Arhid ioan ic jr despre constantin virgil gheorghiu
Life

Virgil Gheorghiu was born in Valea Albă, a village in Războieni Commune, Neamţ County, in Romania. His father was an Orthodox priest in Petricani. A top student, he attended high school in Chişinău from 1928 to June 1936, after which he studied philosophy and theology at the University of Bucharest and at the Heidelberg University.
Between 1942 and 1943, during the regime of General Ion Antonescu, he served in the Ministry of Foreign Affairs of Romania as an embassy secretary. He went into exile when Soviet troops entered Romania in 1944. Arrested at the end of World War II by American troops, he eventually settled in France in 1948. A year later, he published the novel Ora 25 (in French: La vingt-cinquième heure; in English: The Twenty-Fifth Hour), written during his captivity.
Gheorghiu was ordained a priest of the Romanian Orthodox Church in Paris on May 23, 1963. In 1966, Patriarch Justinian awarded him the cross of the Romanian Patriarchate for his liturgical and literary activities.
He is buried in the Passy Cemetery, in Paris.
The 25th Hour
Gheorghiu's best-known book depicts the plight of a naive Romanian young farmhand, Johann Moritz, under German, Soviet and American occupation of Central Europe. Johann is sent to a labor camp by a police captain who covets his wife, Suzanna. At first, he is tagged as "Jacob Moritz", a Jew. Then, he and fellow Jewish prisoners escape to Hungary, where he is interned as a citizen of an enemy country. The Hungarian government sends its foreign residents as Hungarian "voluntary workers to Nazi Germany". Later, "Moritz Ianos" is "rescued" by a Nazi officer who determines he is a perfect Aryan specimen, and forces him into service in the Waffen SS as a model for German propaganda. Imprisoned after the war, he is severely beaten by his Russian captors, then put on trial by Allied forces because of his work for the Nazis. Meanwhile, Traian, son of the priest Koruga who employed Moritz in their Romanian village, is a famous novelist and minor diplomat whose first internment comes when he is picked up as an enemy alien by the Yugoslavs. Once imprisoned, the two heroes begin an odyssey of torture and despair. Traian Koruga is deeply unsettled because what he sees as the machinism and inhumanity of the "Western technical society", where individuals are treated as members of a category. He was writing a book within a book, "The 25th Hour", about Johann Moritz and the ordeal awaiting mankind. In the end, Traian suicides in an American-Polish concentration camp, while Johann is forced by the Americans to choose between either enlisting in the army, just as World War III is about to start, or to be interned in a camp (as well as his family) as a citizen from an enemy country.

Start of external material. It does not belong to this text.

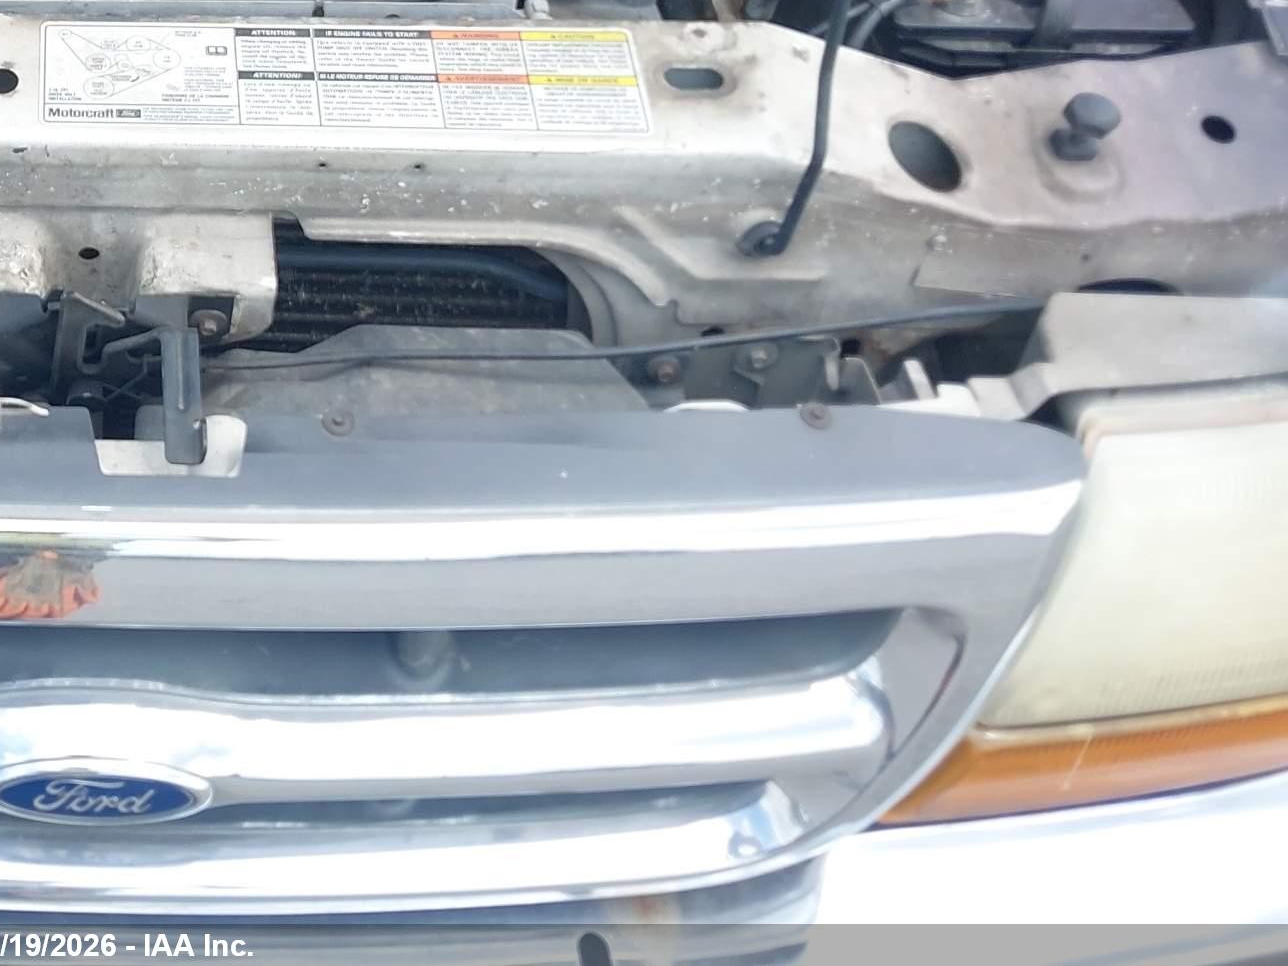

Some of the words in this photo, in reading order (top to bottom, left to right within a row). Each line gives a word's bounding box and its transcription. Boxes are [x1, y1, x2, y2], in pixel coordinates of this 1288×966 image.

[250, 29, 297, 37] ATTENTION
[48, 108, 114, 119] Motorcraft
[32, 778, 155, 813] Ford

The book was published in French translation in 1949 and was not published in Romania until 1991 (first time published in Romania by Editura Omegapres, Bucharest, 1991).
In 1967, Carlo Ponti produced a film based on Gheorghiu's book. The movie was directed by Henri Verneuil, with Anthony Quinn as Johann, Virna Lisi as Suzanna, and Serge Reggiani as Traian.